From high-level behavioral description to FPGA hardware implementation of flexible radio waveforms.
Software Defined Radio (SDR) is a flexible signal processing architecture with reconfiguration capabilities that can adapt itself to various air-interfaces. It was first introduced by Joseph Mitola as an underlying structure for Cognitive Radio (CR). The FPGA (Field Programmable Gate Array) technology is expected to play a key role in the development of Software Defined Radio (SDR) platforms. FPGA-based SDR is a quite old paradigm and we are fronting this challenge while leveraging the nascent High Level Synthesis tools and languages.

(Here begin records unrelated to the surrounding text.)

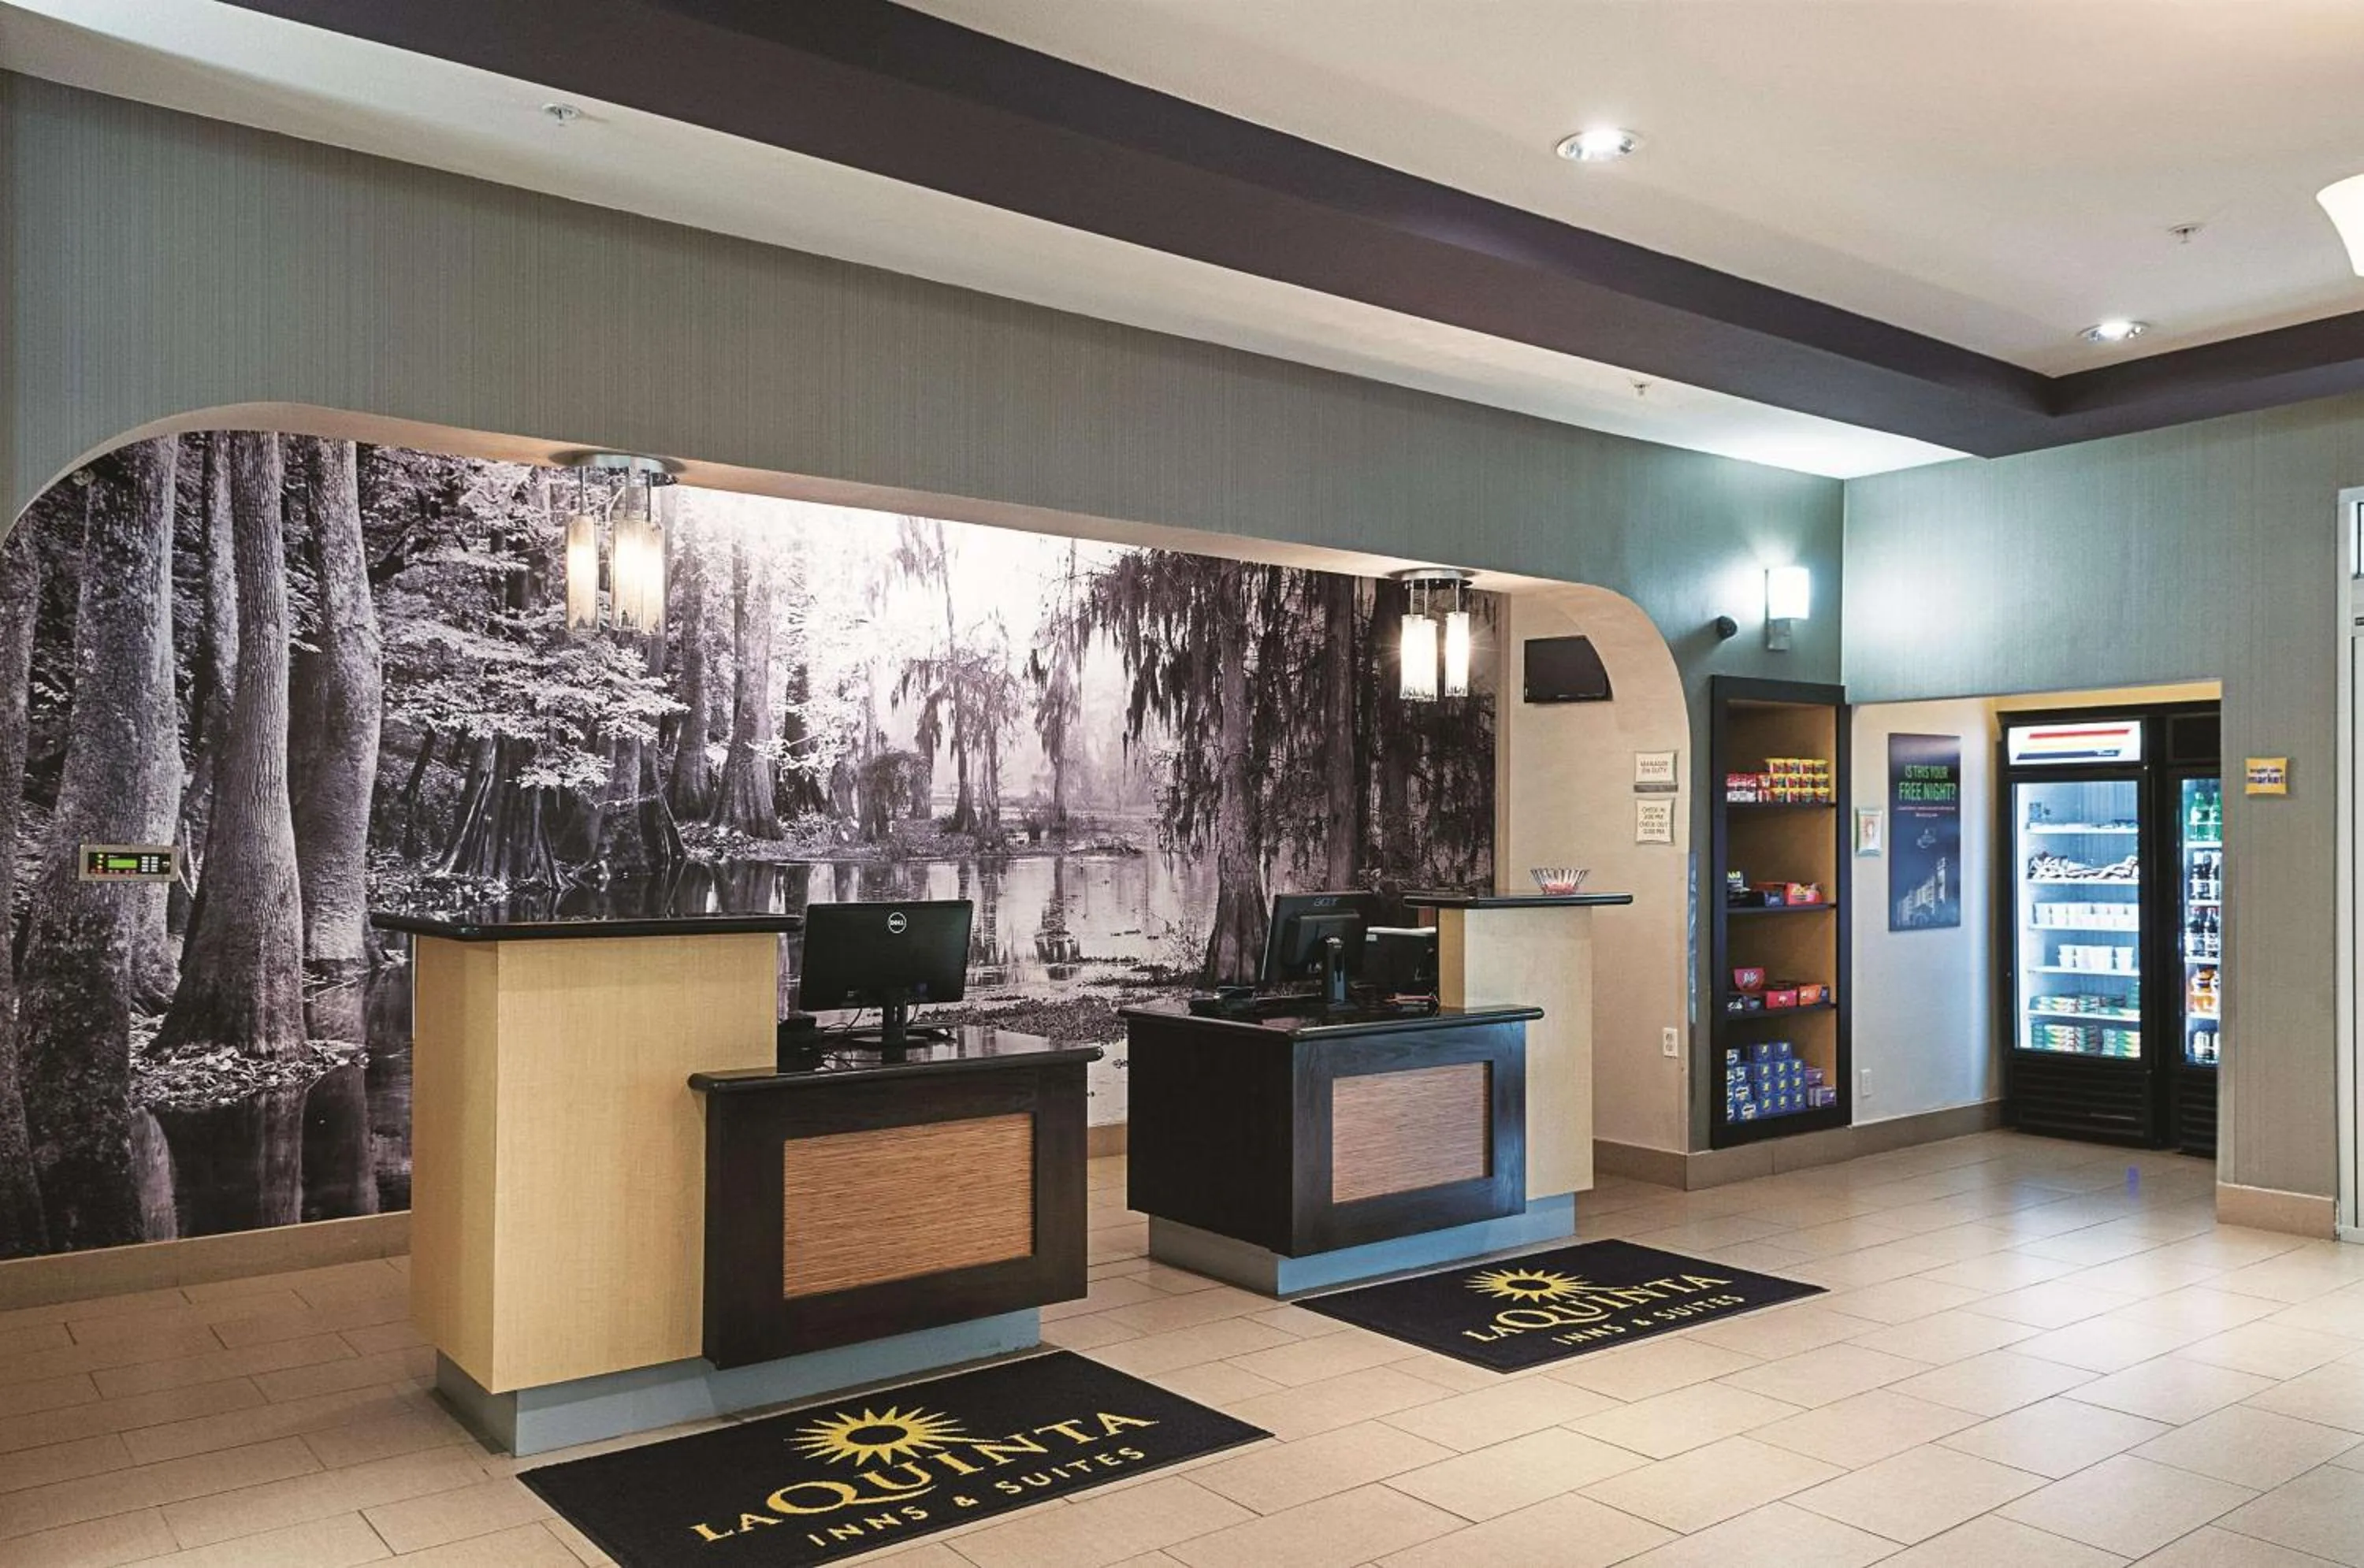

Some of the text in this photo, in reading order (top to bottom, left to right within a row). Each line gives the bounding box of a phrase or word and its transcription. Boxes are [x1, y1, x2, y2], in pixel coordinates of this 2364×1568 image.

[1898, 781, 1957, 801] FREE NIGHT?
[2247, 774, 2283, 784] market
[1551, 1324, 1626, 1345] INNS
[1652, 1295, 1745, 1321] SUITES
[806, 1447, 1145, 1548] INNS & SUITES

Actually, our goal is to propose methods and tools for rapid implementation of new waveforms in the stringent flexibility paradigm. We propose a novel design flow for FPGA-based SDR applications. This flow relies upon HLS principles and its entry point is a Domain-Specific Language (DSL) which partly handles the complexity of programming an FPGA and integrates SDR features.
Our studies include:
- defining a Domain-Specific Language for high-level descriptions of radio waveforms,
- generating hardware description (RTL) through the automatic synthesis of the DSL,
- including design constraints in the description through Design Space Exploration of the architecture,
- allowing Dynamic Partial Reconfiguration in the design process,
- validating the design flow from Testbed with developments on the Nutaq Perseus platform, two standards (IEEE 802.15.4 and IEEE 802.11a) are targeting.